Sliding window is appropriate for conversational agents where the current task is primarily informed by the last few exchanges — customer support, interactive data analysis, multi-turn document review. It is not appropriate for workflows where a decision made early in the session constrains actions later — the agent cannot reference that decision if it has slid out of the window.

Pattern 2: Incremental Compression

When the context approaches a configurable threshold (e.g., 70% of the model's context limit), compress the oldest N messages into a summary using an LLM call, then replace those messages with the summary. The recent K messages are always kept verbatim. This pattern is more coherent than sliding window because it retains a compressed representation of the full history rather than discarding it entirely.

The compression prompt is critical: it should instruct the LLM to preserve decisions made, commitments created, facts established, and open questions — the information that is most likely to be relevant to future steps. Generic summaries that capture narrative flow without preserving these structured facts are not useful for agent context management.

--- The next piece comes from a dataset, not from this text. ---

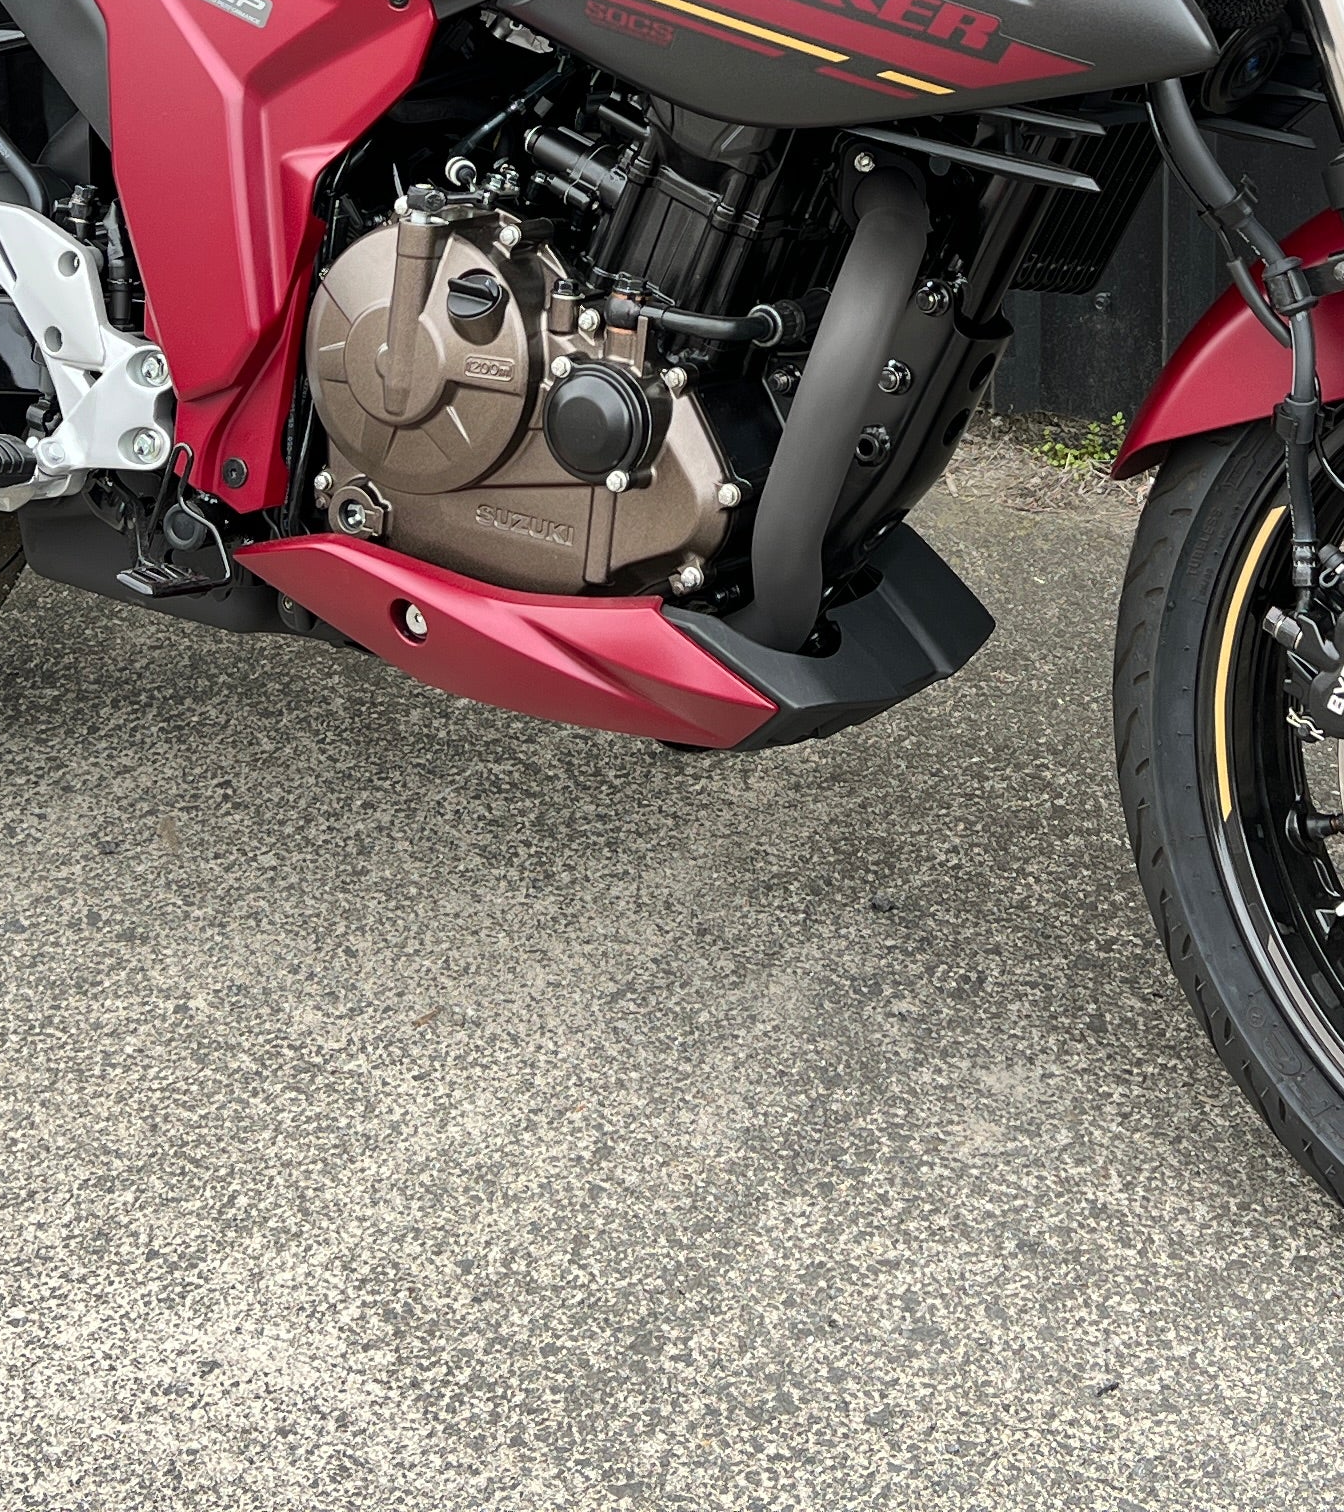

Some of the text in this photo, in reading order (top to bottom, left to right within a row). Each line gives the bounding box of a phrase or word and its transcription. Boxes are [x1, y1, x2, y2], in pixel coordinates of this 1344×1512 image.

Pattern 3: Selective Context Injection

Rather than managing a single linear context, selective injection maintains a full history in an external store (a vector database or a structured message store) and at each step retrieves only the K most relevant prior messages based on semantic similarity to the current query or task. This is the highest-quality pattern for complex long-running workflows where different earlier exchanges are relevant to different later steps.

The engineering cost is higher: you need a vector store, an embedding pipeline for message content, and a retrieval query at each step. The operational complexity is justified for workflows spanning hours or days where the agent's history is large enough that no summarisation strategy can adequately compress it without losing important context.

Pattern 4: External Memory with Semantic Search

For agents that must maintain memory across separate sessions — a strategic planning agent that continues a workflow from a previous day, or a customer success agent that must recall conversations from weeks ago — in-context compression is insufficient. External memory stores the full conversation history and any extracted facts/decisions in a persistent store (vector database for semantic retrieval, optionally a structured store for explicit facts) and retrieves relevant context at the start of each new session.

This pattern is implemented in LangChain via the ConversationEntityMemory and VectorStoreRetrieverMemory classes, or as a custom implementation that generates a 'session brief' at session start by retrieving the N most relevant prior exchanges and the extracted entity/fact store. The session brief replaces a full conversation history in the context.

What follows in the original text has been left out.